Japan Stocks Climb to Highest Since May as Yen Boosts Exporters

  • Yen falls against dollar after strong U.S. manufacturing data
  • JR Kyushu debuts on the Tokyo exchange after $4 billion IPO

Japanese shares rose to an almost five-month high as the yen weakened against the dollar, boosting the outlook for exporters’ profits at the start of the corporate earnings season.

The Topix index gained for a second day, closing at the highest since May 31, as the Japanese currency weakened after a U.S. index of manufacturers bolstered the case for higher U.S. interest rates this year. Investors are sifting through earnings to gauge the health of Japanese firms, with more than 350 companies on the Topix set to report this week. Precision-motor maker Nidec Corp. raised its full-year net-income target on Monday, beating analyst estimates.

“With the U.S. economy looking solid and a rate hike by year-end looming in investors’ minds, the yen is weakening, and boosting expectations for a recovery in earnings in the second half of the year,” said Toshihiko Matsuno, a senior strategist at SMBC Friend Securities Co. in Tokyo. Nidec’s earnings “reinforce the view that exporters’ earnings aren’t too bad.”

SecurityPercent ChangePrice
Nikkei 225+0.8%17,365.25

The U.S. flash manufacturing purchasing managers’ index for October rose to 53.2 in September, beating estimates and boosting bets the Federal Reserve will raise interest rates by December. Higher borrowing costs in the U.S. and the Bank of Japan’s switch of focus to controlling the government bond yield curve could help the yen weaken to 110 yen to 120 per dollar by the end of 2017, according to Takashi Maruyama, chief investment officer of Fidelity International in Japan. Traders were pricing in a 71 percent chance of a U.S. rate increase by the end of the year as of Monday.

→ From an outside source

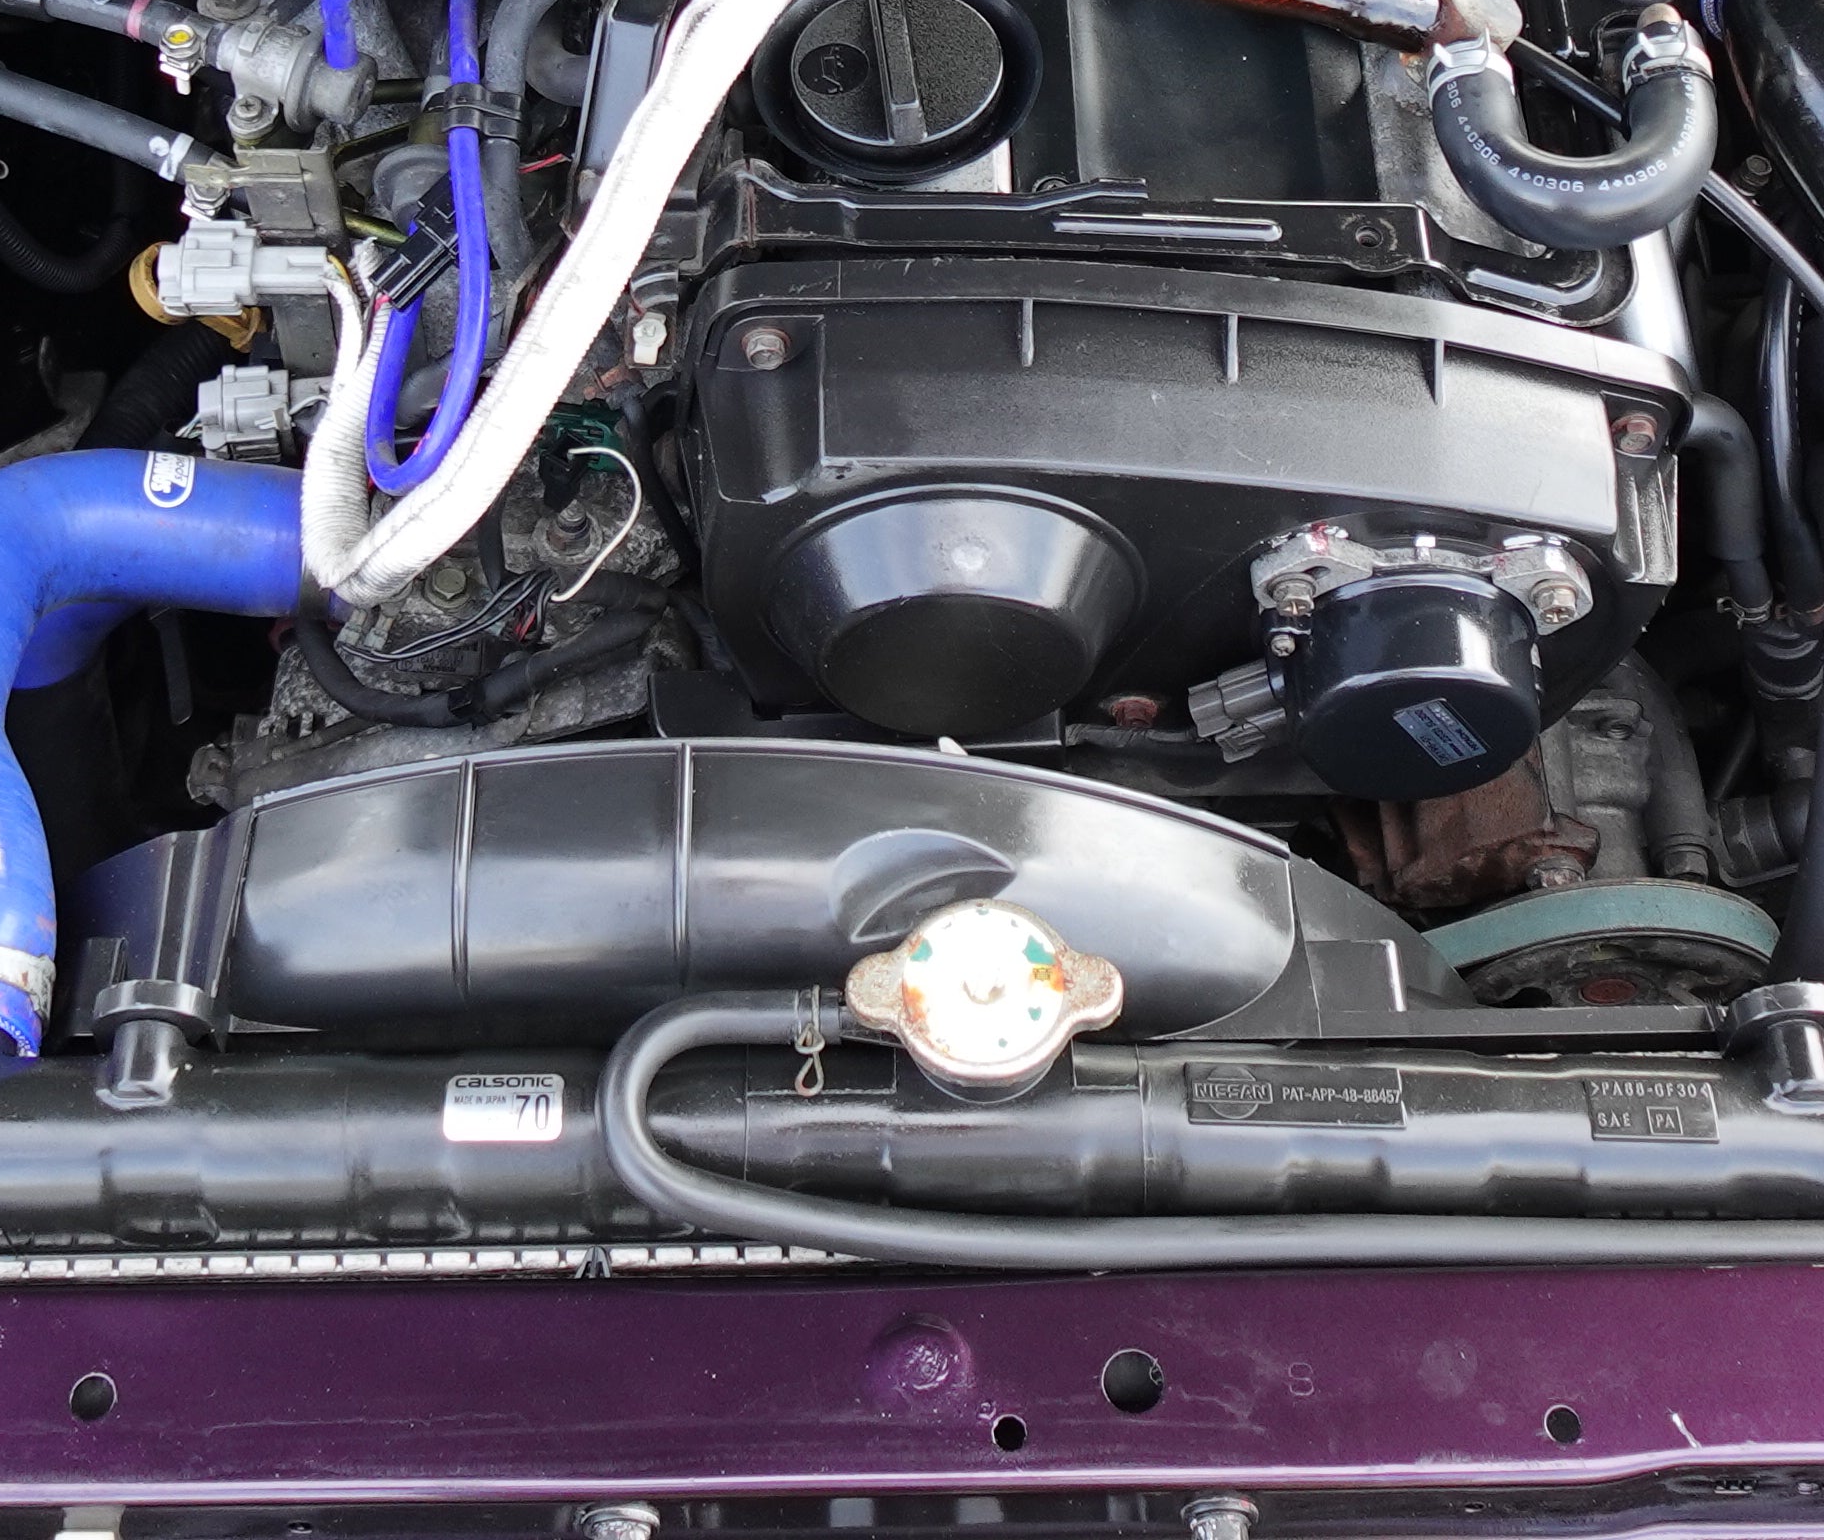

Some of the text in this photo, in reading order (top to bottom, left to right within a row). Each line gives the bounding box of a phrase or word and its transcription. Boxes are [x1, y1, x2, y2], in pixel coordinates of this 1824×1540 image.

Kyushu Railway Co. surged as much as 20 percent on its trading debut in Tokyo following a 416 billion yen ($4 billion) initial public offering this month. The IPO is the nation’s largest rail share sale in more than a decade, and with more than three-quarters of the shares sold domestically, is part of Prime Minister Shinzo Abe’s efforts to encourage citizens to invest their household savings in the stock market.

The 25-day Toraku Index, which compares the numbers of advancing and declining stocks on the Japanese benchmark gauge, rose to 136.27 on Monday, its highest level in almost a year.

Exporters including electric-appliance producers and carmakers were the biggest boosts to the Topix, with Mazda Motor Corp. adding 2.9 percent and Nidec surging 6.1 percent. Banks were also among the biggest contributors to gains in the Topix, with Mitsubishi UFJ Financial Group Inc. rising 2 percent.

  • Shionogi & Co. climbed 3.6 percent after the drugmaker posted half-year operating profit that beat its forecast.  

  • IHI Corp. sank 9.6 percent after the heavy-machinery manufacturer slashed its net income forecast to break-even and canceled dividends.

  • Riken Technos Corp. advanced 3.6 percent after the synthetic-resin seller said it will buy back as much as 1.8 billion yen of its shares.

  • JSR Corp. declined 5 percent after the synthetic rubber manufacturer cut its operating profit forecast below analyst estimates.

  • ST Corp. added 5 percent after the household-products maker announced half-year operating profit that beat its forecast as sales increased.

  • Hitachi Kokusai Electric Inc. advanced 4.1 percent after Bloomberg News reported
    ASM International NV is weighing a bid for a controlling stake in the semiconductor equipment maker, according to people familiar with the matter.

Futures on the S&P 500 Index rose 0.1 percent. The underlying equity gauge advanced 0.5 percent Monday as deal activity encouraged investors, while T-Mobile US Inc. surged on better-than-estimated results.

“With some positive manufacturing data coming out from the U.S., there’s a sense of security toward where we’re going,” said Yoshihiro Okumura, a general manager at Chibagin Asset Management Co. in Tokyo. “If the yen remains at around current levels, there’s no need to be overly worried about domestic earnings.”